History, Take Three: How Video Game Replay Alters Your Perception of Time

On May 7, 2021 at the 88th ACFAS congress, I delivered a presentation on replayability in video games in a conference organized by Simon Dor from University from Quebec in Abitibi-Témiscamingue and Julien Bazile from the University of Sherbrooke, entitled “Controlling the Past: Design and Critique of the Mechanics of History in Video Games”.

Below, you will find the full text of my presentation (translated from the original in French).


As I write these lines in 2021, history-themed games are firmly established across all major video game genres, and show continued signs of growth in popularity. 

And why not: what history-themed games propose to their fans is nothing less than captivating. Many call on players to witness pivotal points in history, and take part in the enfolding drama of human experience across space and time; some allow players to explore the cities and vistas of bygone eras, blending tropes and techniques of tourism and cinema; others still offer large-scale historical panoramas to brain-muscle against, inviting players to participate in the conflict between nations across centuries, or better: hold by the reins of the galloping, grand arc of historical development, against all odds.

In truth, the popularity of historical video games can be attributed to a small, but unique set of core attractors: the narrative richness of historical discourse; the art and science of simulation that make it possible to “bring back to life”, in unprecedented ways, the experiences of our ancestors; better even, an “alt-history lab” of sorts that allows players to “test” alternative historical scenarios.

Irreducible to these different styles of historical play, I propose with McKenzie Wark (2007), Mathieu Triclot (2011) and Douglas Hoare (2019) that time control lies at the heart of video game seduction. As interactive media, video games allow players to enter and exit game time at will through various access points offered by each game. More fundamentally, video games simulate a control of temporality (i.e. “how time is experienced”) by presenting the range of player agent possibilities in each game as a series of challenges to be undertaken and repeated at will. In short, video games offer players the unprecedented experience – to use the terminology of game designers – of the replayability of fictional game scenarios.

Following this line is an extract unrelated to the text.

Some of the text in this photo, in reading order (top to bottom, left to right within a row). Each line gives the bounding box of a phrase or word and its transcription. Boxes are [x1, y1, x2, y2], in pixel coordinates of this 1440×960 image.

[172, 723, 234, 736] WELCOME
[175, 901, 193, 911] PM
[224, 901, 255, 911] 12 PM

From a game design standpoint, the “replayability” of a given game remains a marker of quality valued by consumers. For the analyst of play, however, the inherent replayability of games blurs the analytical line between play time and (fictional) historical time in games. The issue I wish to address today can be summarized in the following questions: are we “playing at history” or are we “playing with history” when we replay fictional historical scenarios over and over again in video games? And how is the player’s experience of time altered when he/she/they replay history?

Temporal Structures in Video Games with Historical Themes

To disentangle these conceptual knots, we should begin by analyzing the different “flavours” of historicity simulated in video games.

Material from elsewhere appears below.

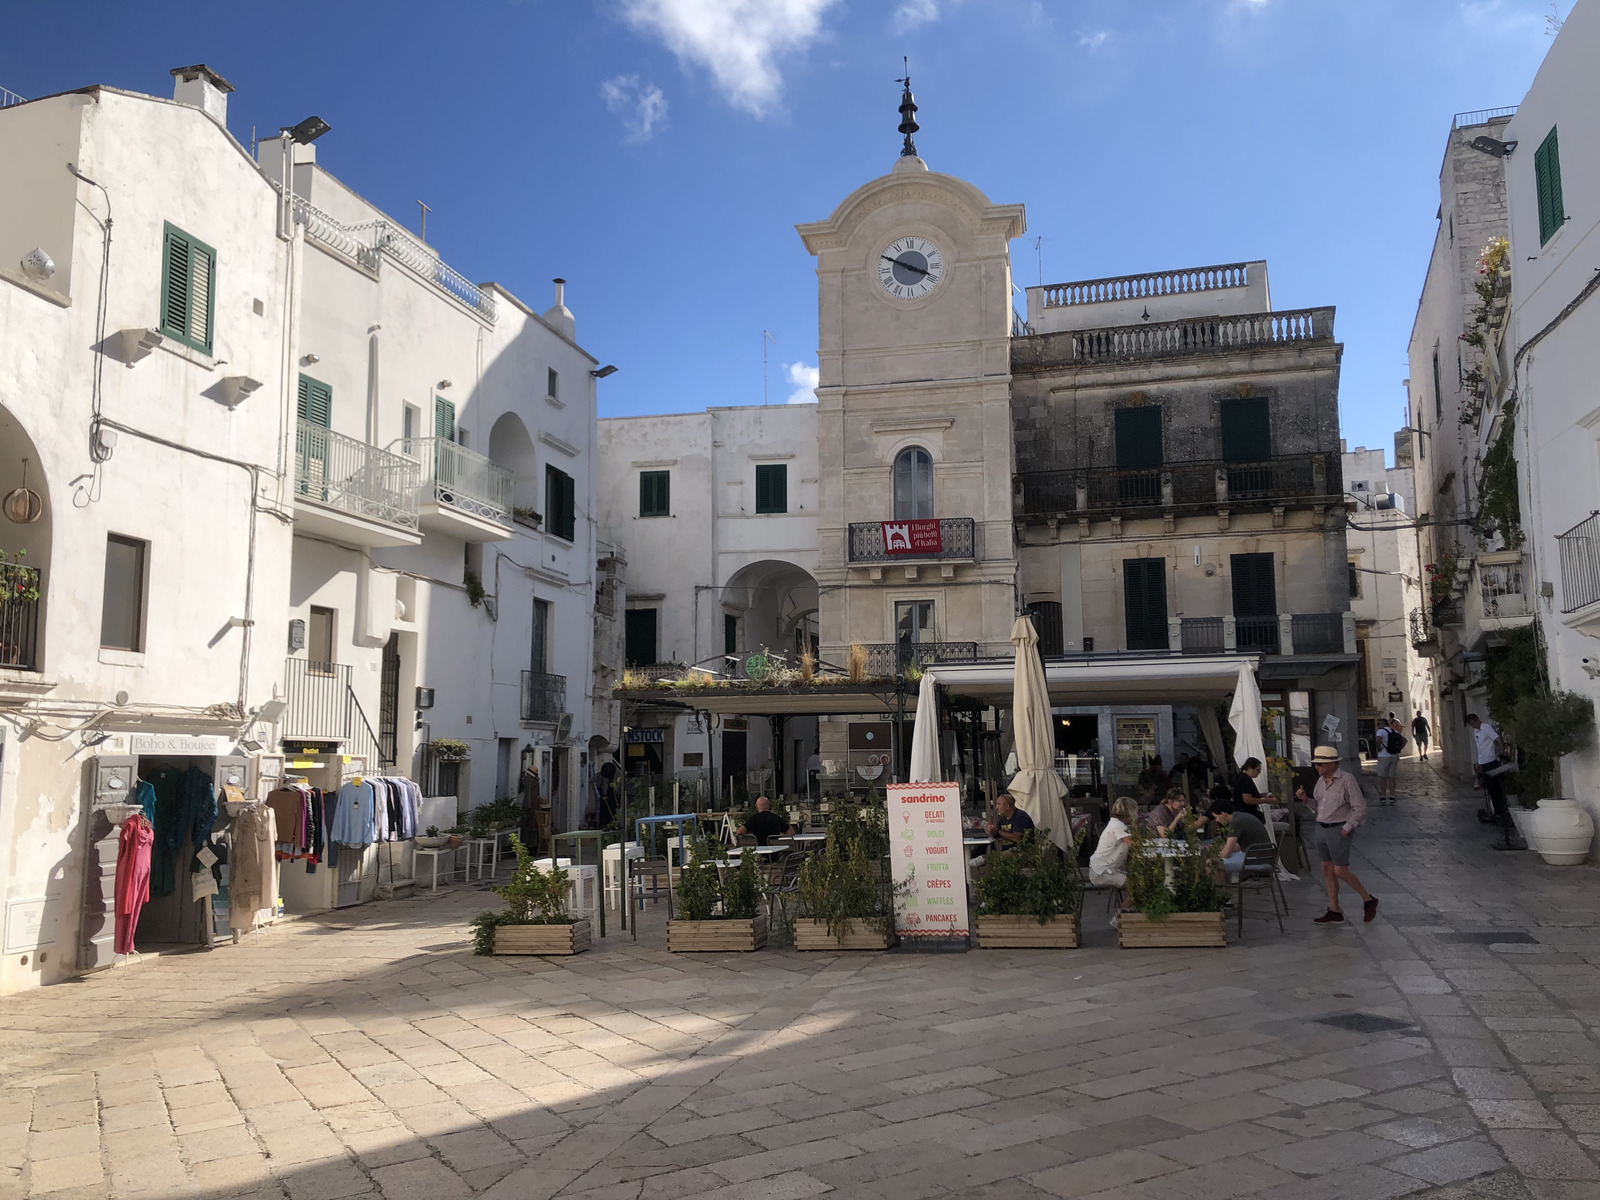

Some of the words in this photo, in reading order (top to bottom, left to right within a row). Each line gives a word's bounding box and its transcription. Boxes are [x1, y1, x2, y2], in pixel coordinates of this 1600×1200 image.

Philosophically-speaking, the standpoints of the player-historian and the developer-historian (which I take from Adam Chapman in his Digital Games as History (2016)) can give us two jumping-off points to unpack temporality in games. Before explaining these concepts, let me state that Chapman’s work is part of an ongoing effort to legitimate a sub-discipline of Game Studies of which he is co-instigator – Historical Game Studies – by providing a theoretical framework for appending video games to mainstream historiography, against the caution of some professional historians who emphasize the gap between serious/ludic and factual/fictitious levels of discourse. To underline the contributions of competent amateurs to historiography, Chapman puts forth the concept of historying – or history-making – a practice inherent to the cultural currents of “popular history”, in opposition to learned history[1]. According to Chapman (and others), the qualities of amateur production can be assessed in relation to professional historians’ discourse legitimized by institutions (museums, universities, media) mostly in the field of practice – reconstructive, playful, cultural production, etc.

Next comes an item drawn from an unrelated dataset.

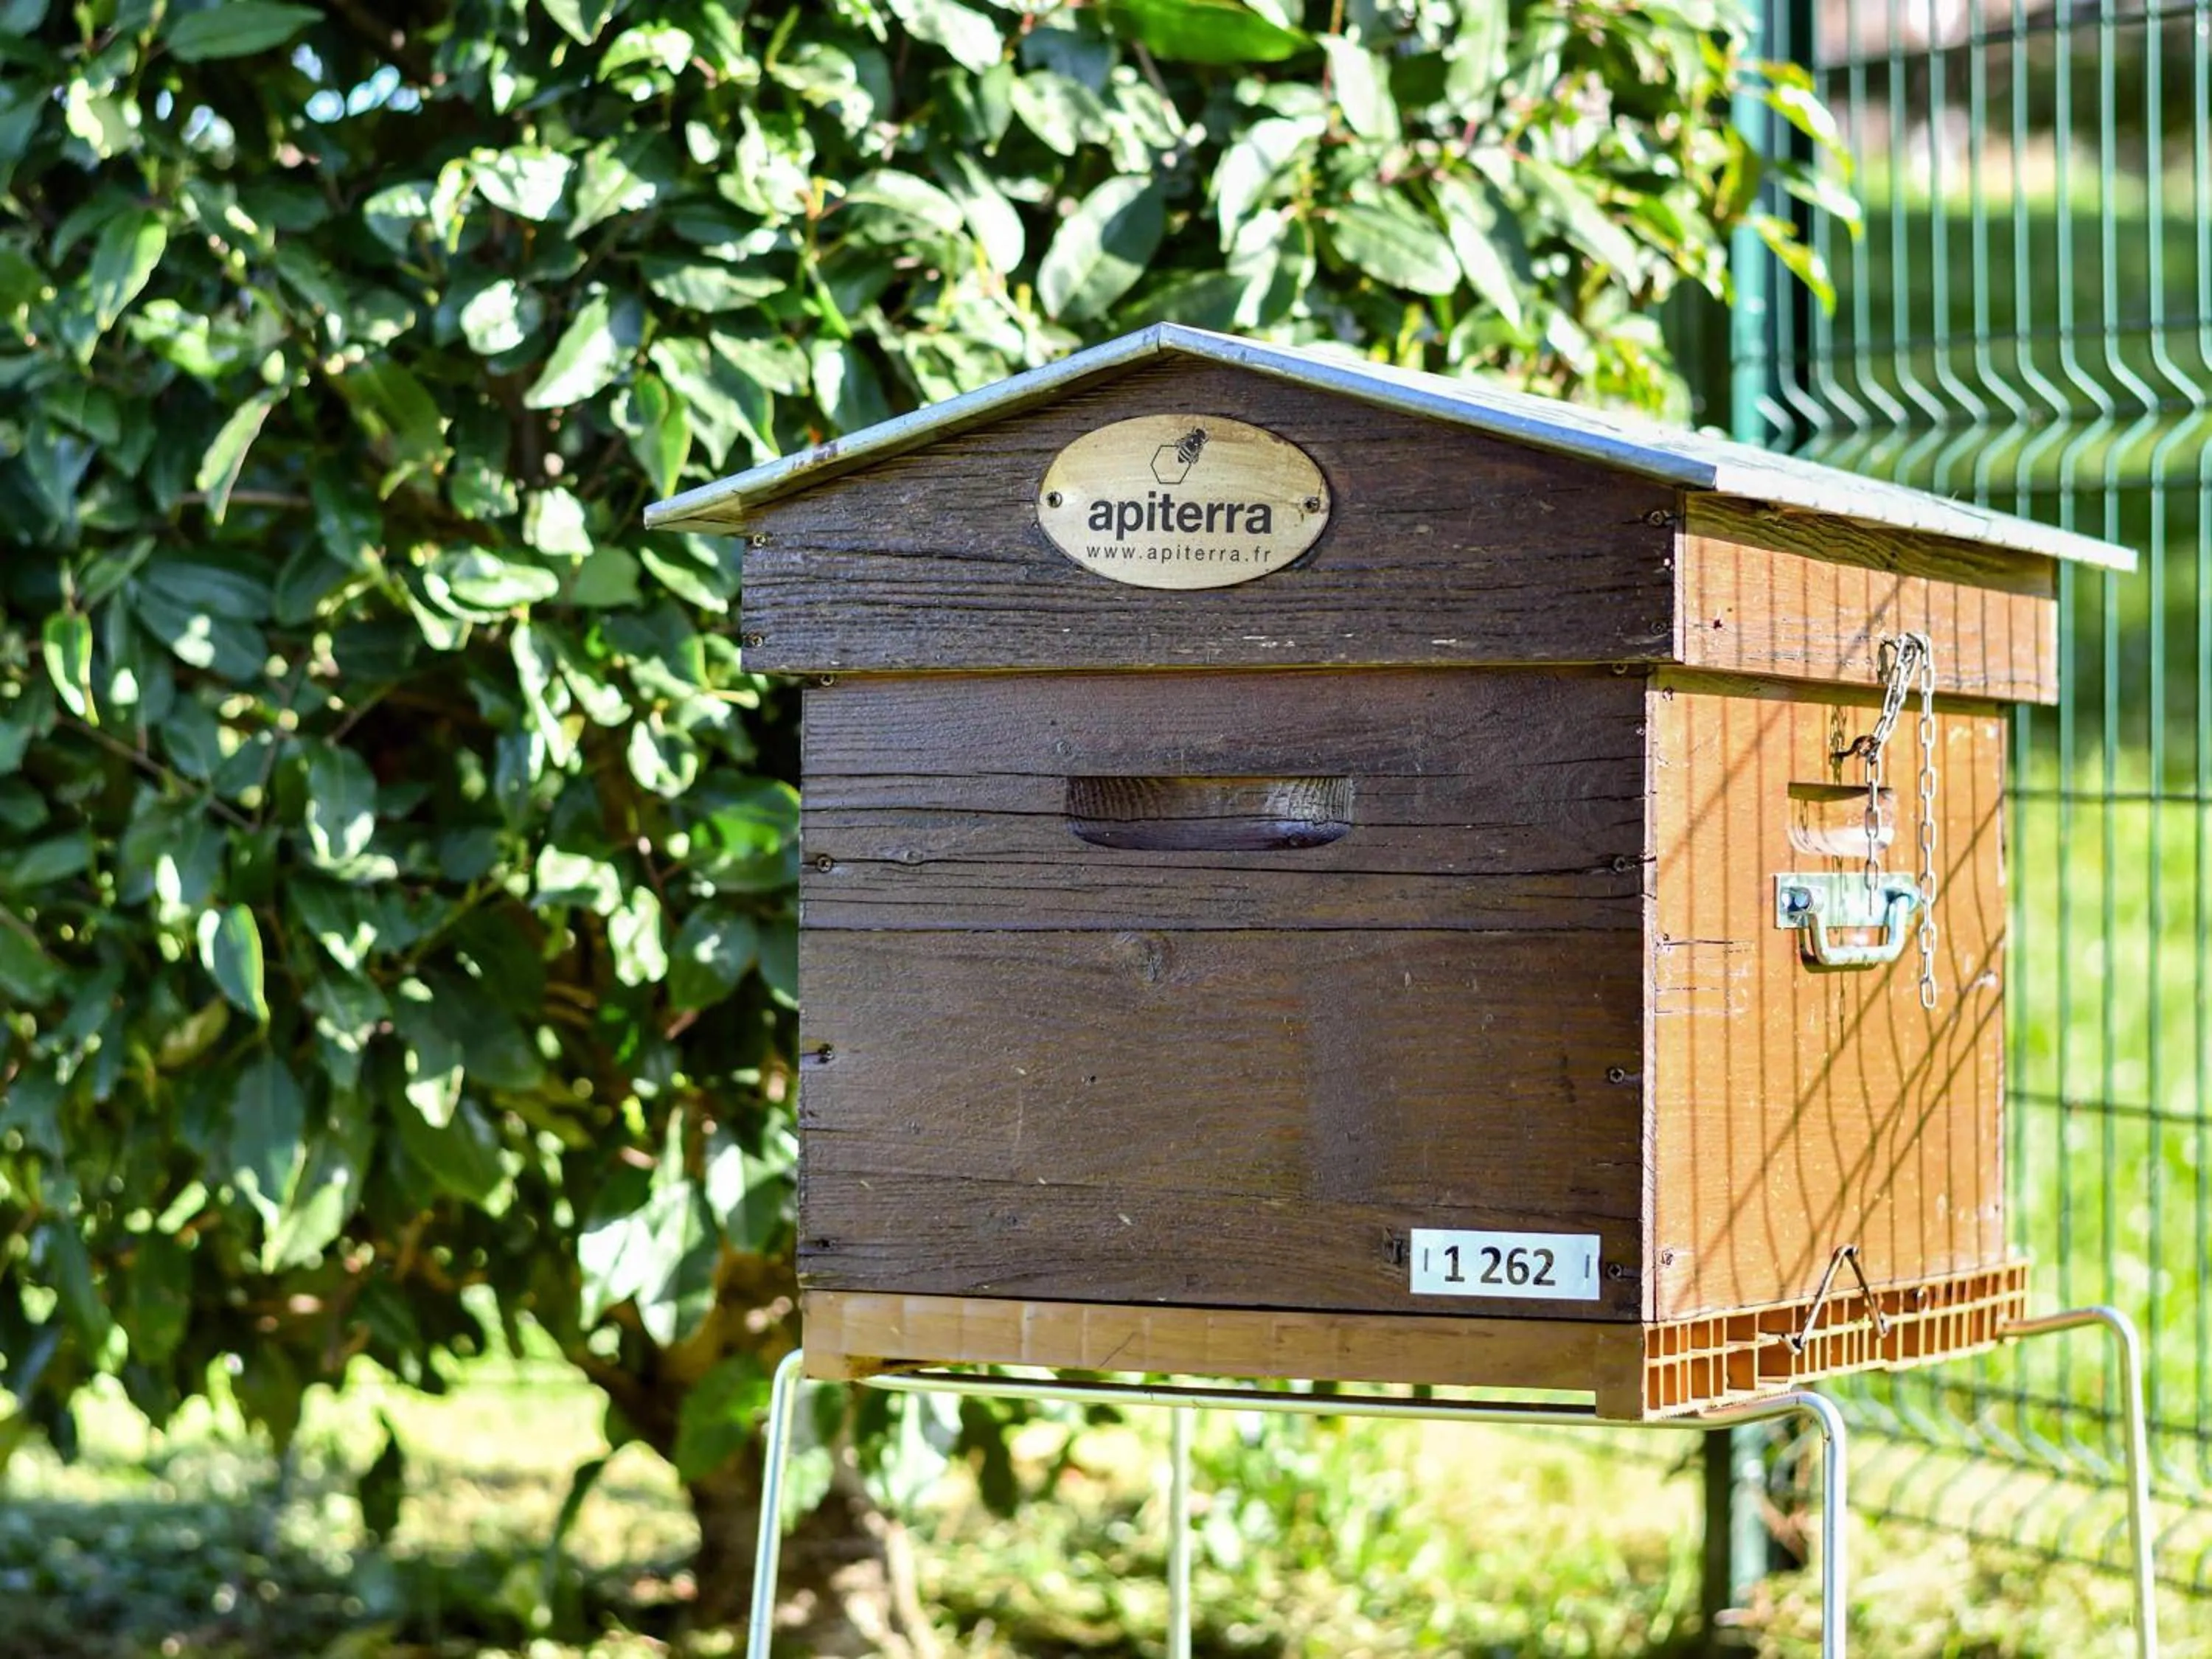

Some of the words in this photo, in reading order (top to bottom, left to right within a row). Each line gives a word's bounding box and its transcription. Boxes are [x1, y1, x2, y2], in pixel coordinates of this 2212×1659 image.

[1088, 490, 1272, 540] apiterra
[1086, 544, 1271, 563] www.apiterra.fr
[1444, 1245, 1465, 1282] 1
[1480, 1246, 1556, 1286] 262

More fundamentally, market economies separate production from consumption, where ludic cultural production must “realize its value in the sphere of circulation” (to paraphrase Marx), i.e. seek to satisfy player demand in the consumer market for video games. Because video games are marketable commodities, we must therefore posit the figures of player-historian and developer-historian as distinct. As we will see, the life cycle of a video game product makes distinctions between these two historying roles seem somewhat arbitrary ; albeit they remain necessary for the sake of conceptualization. 

And this is where I’d like to place my first critical intervention: can the act of consumption (buying and playing commercial games) be productive of historical discourse? In their encounters with different game genres, are players seeking to scratch an itch for (vicarious) historical experiences made accessible by games?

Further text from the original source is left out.